Segment Start: Data supplied
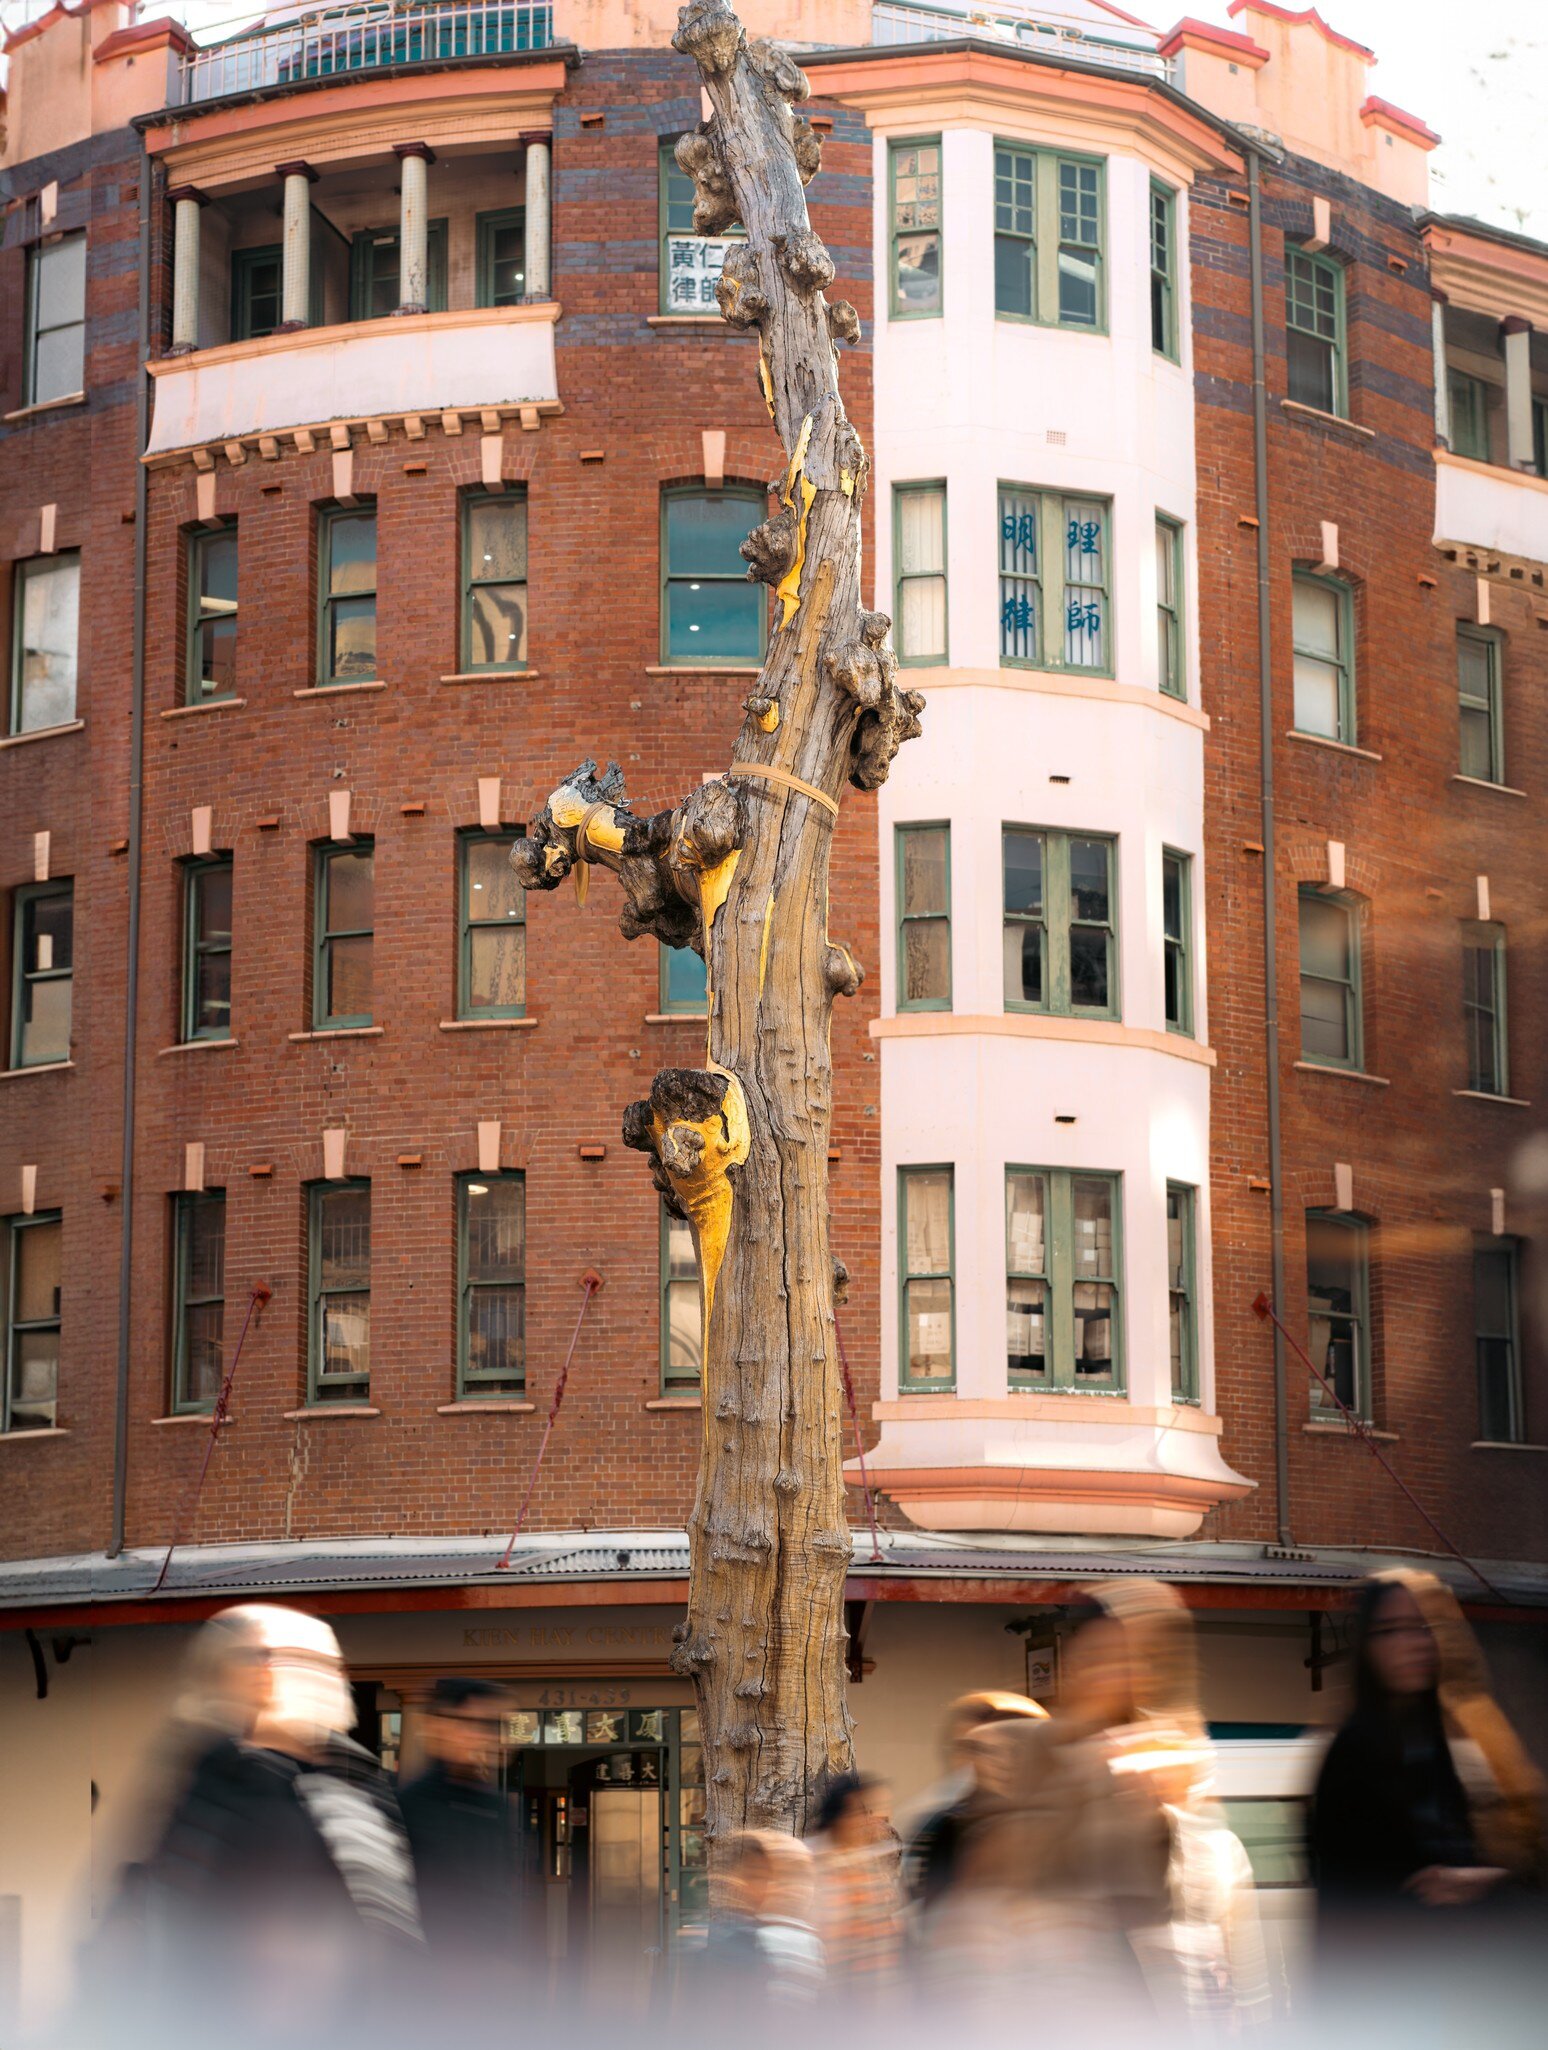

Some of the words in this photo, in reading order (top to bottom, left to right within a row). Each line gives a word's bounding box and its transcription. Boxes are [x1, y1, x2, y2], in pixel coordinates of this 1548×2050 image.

[671, 241, 749, 268] 黃仁
[1001, 514, 1100, 554] 明理
[1001, 594, 1100, 641] 律師
[463, 1628, 520, 1647] KIEN
[530, 1627, 577, 1647] HAY
[539, 1688, 631, 1706] 431-439
Segment End: Data supplied
> What to work on
Retype all the entries word for word; the pictures stay out.

> Response to this exercise
Some of the words in this photo, in reading order (top to bottom, left to right within a row). Each line gives a word's bounding box and its transcription. Boxes are [x1, y1, x2, y2], in pixel coordinates of this 1548×2050 image.

[671, 241, 749, 268] 黃仁
[1001, 514, 1100, 554] 明理
[1001, 594, 1100, 641] 律師
[463, 1628, 520, 1647] KIEN
[530, 1627, 577, 1647] HAY
[539, 1688, 631, 1706] 431-439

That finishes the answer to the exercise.